Saturday, October 22, 2016

Altar Cards & Last Gospels


They seem necessary to modern "indult", irregular celebrants of the pre-Conciliar Latin rites who say no variation of these prayers in English or Latin throughout the week. Lavabo inter innocentes manus meas or Lava me Domine?

Altar cards are something of an anomaly, if only because they pertain to prayers by the priest that were once private devotions, with the exception of the Gloria and Creed. Moreover, these prayers, personal in origin, varied considerably across the Latin Church. The dual offering of the bread and the chalice is unique to south, central Europe. Northern and far Western Europe preferred the single offering with the paten sitting on top of the prepared chalice. One presumes that with enough repetition and decent command of the Latin language one might eventually learn the Offerimus tibi and the Placeat within a few weeks.

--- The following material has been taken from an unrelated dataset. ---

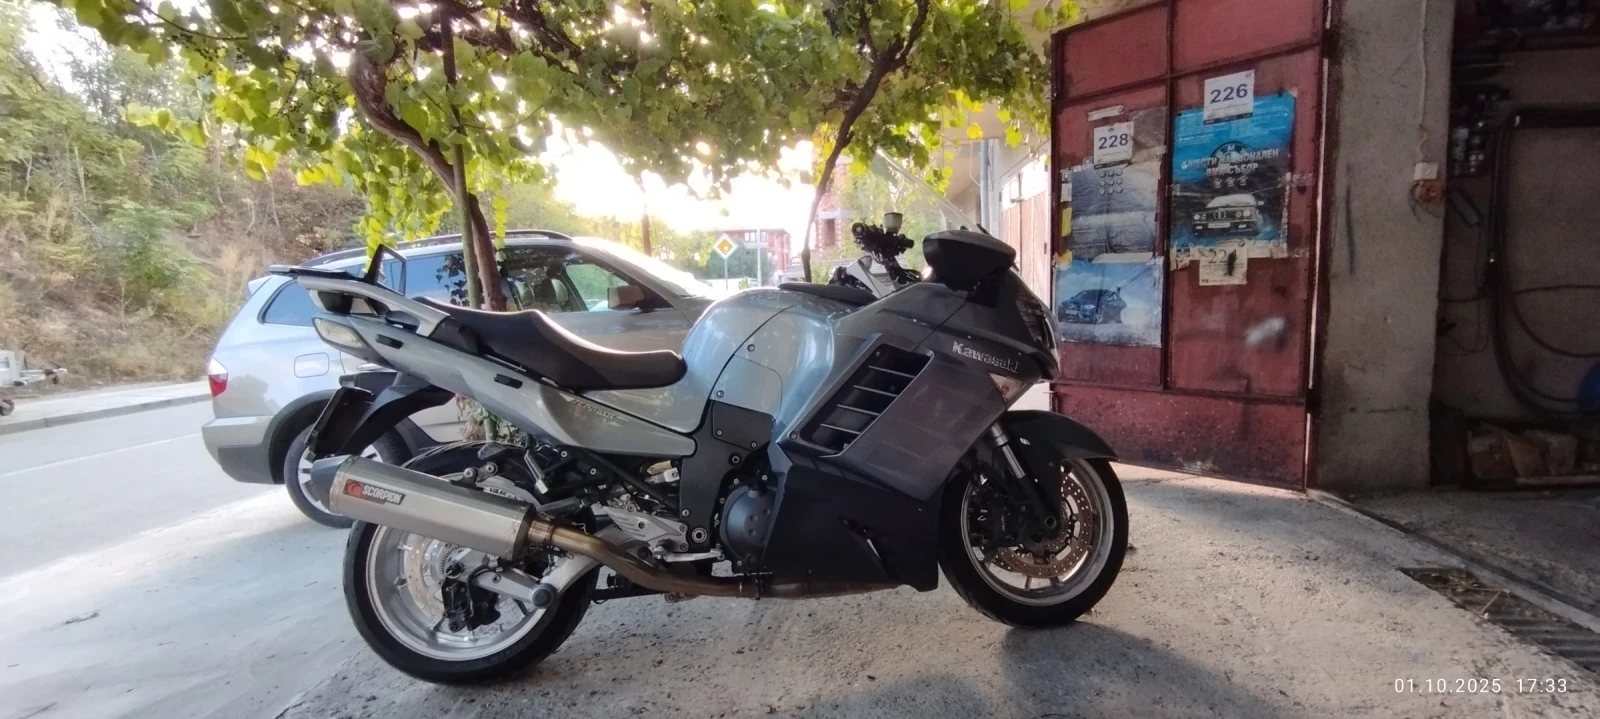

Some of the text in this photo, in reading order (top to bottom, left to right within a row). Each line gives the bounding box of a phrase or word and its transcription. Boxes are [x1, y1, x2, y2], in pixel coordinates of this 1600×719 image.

I recall reading somewhere, but cannot recall where, that the Tridentine Missal of St Pius V (the actual one, not everything from Trent to '64) only mentions the central card and says that it may rest against the Crucifix. Tabernacles did not occupy the central place of the main altar yet; a great many were simple holes in the wall, which Trent addressed. The Caeremoniale episcoporum directs that if a bishop is to pontificate at an altar where the Sanctissimum is reserved, it is to be removed to another altar. Presumably, priests were saying their Office regularly enough to memorize psalm 25 and the medieval practice was to recite St. John's prologue during the return to the sacristy. Even after Trent many Gallican usages describe the celebrant reciting the Last Gospel, if it is not proper, during the return to the sacristy at high Mass; the familiar Roman recitation at the altar was reserved to low Mass only. Archbishop Lefebvre was once accused of modernism for "skipping the Last Gospel" when in fact he followed the rubrics of episcopal ceremony by reciting it during the recession. Could the received Roman practice of saying it at the altar at the end of high Mass be inaccurate? Could it still have been said the medieval way at high Mass until the invention of the outside cards?

source: wikipedia.org
The epistle and gospel side cards have even influenced ecclesiastical architecture. In the first millennium altars were almost always freestanding. Medieval cathedrals and collegiate churches retained this feature so the bishop could pontificate from the apse towards the people and all could face versus Deum during the Canon. Medieval parishes, however, began pushing the altar against the apse, which elicited some very ornate altarpieces in the northern countries. The tradition continued after Trent, but the altarpieces were replaced with even more elaborate reredoses. The appearance of the additional cards meant a gradine would have to be placed between the altar and the reredos, as only objects proper to the celebration of Mass were permitted on the mensa. Modern traddie altars, like the one at the local Tradistani parish below, have gradines but prefer to put candles on them instead and rest the cards on the mensa. Perhaps one unfortunate aspect of gradines is that they encourage vertical ornamentation even when means are limited, which leads to knobbly bits and debatable results; in neo-gothic the style can work well.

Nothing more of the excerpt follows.